The reason Stella Jean’s took off is because anyone can make ice cream. And the couple who own it—Steven Torres and Gan Suebsarakham—knew that. So the duo did two very specific things that set the scoops at Stella Jean’s apart.

First, Stella Jean’s uses 16 percent butterfat cream. Most ice creams are 12-14 percent (Ben & Jerry’s is 14-16). Higher butterfat tends to higher the whoa. (Stella Jean’s gets cream from Scott Brothers Dairy, which is a fascinating story itself—a family-owned, energy-progressive SoCal farm that was one of the first in the country to convert manure into tractor fuel.)
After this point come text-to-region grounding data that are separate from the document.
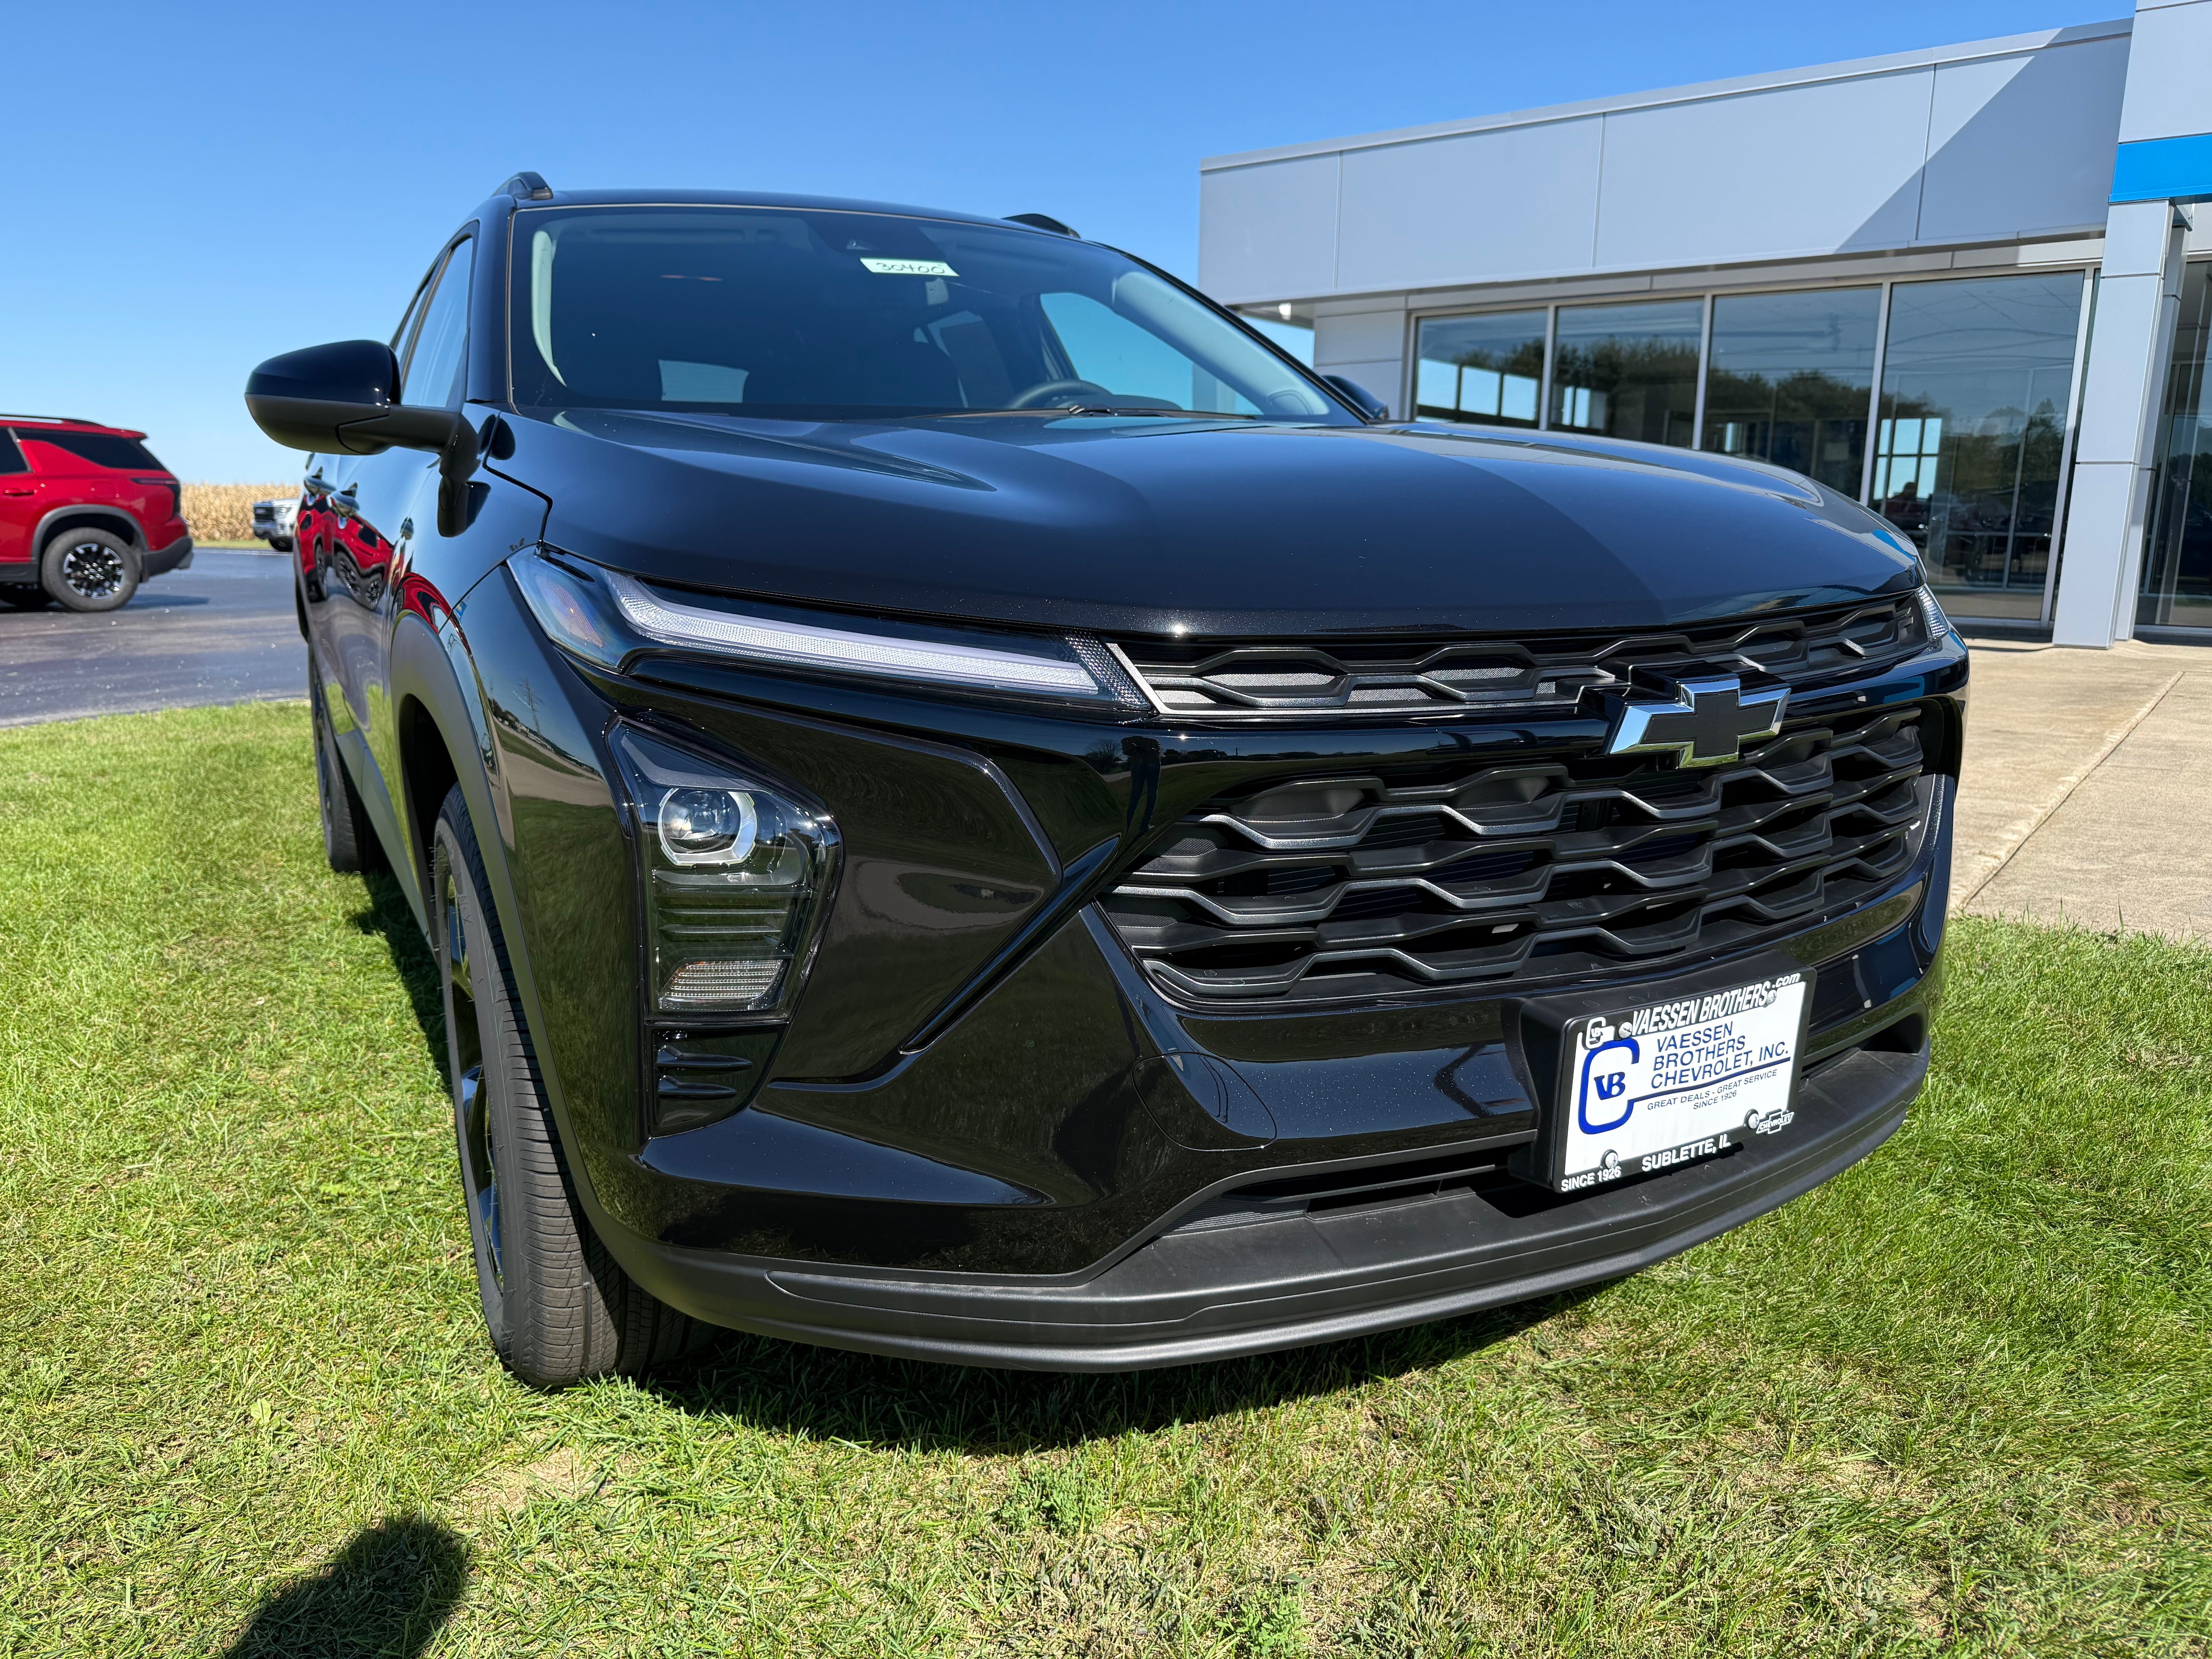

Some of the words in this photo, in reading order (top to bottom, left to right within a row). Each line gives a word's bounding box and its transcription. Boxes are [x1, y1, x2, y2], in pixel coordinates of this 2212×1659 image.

[1632, 998, 1700, 1036] VAESSEN
[1653, 1035, 1746, 1071] BROTHERS
[1657, 1020, 1733, 1053] VAESSEN
[1651, 1050, 1753, 1089] CHEVROLET,
[1759, 1041, 1789, 1062] INC.
[1593, 1071, 1626, 1101] VB
[1647, 1097, 1678, 1110] GREAT
[1680, 1091, 1710, 1103] DEALS
[1717, 1079, 1742, 1094] GREAT
[1744, 1069, 1778, 1085] SERVICE
[1693, 1096, 1718, 1109] SINCE
[1721, 1090, 1737, 1101] 1926
[1759, 1115, 1791, 1130] CHEVROLET
[1642, 1137, 1717, 1172] SUBLETTE,
[1718, 1133, 1732, 1149] IL
[1561, 1172, 1595, 1192] SINCE
[1597, 1165, 1622, 1183] 1926
Most important, though, was that Stella Jean’s invited just about everyone into the kitchen—local chefs, friends, neighbors, strangers. Asked them to create flavors based on the food they ate growing up. Filipino, Latino, French, Middle Eastern, Italian, Indian, you name it.

The Stella Jean’s menu became a 23andMe of the neighborhood—an expression of a place. And it gave people a taste of home, wherever that home is or was.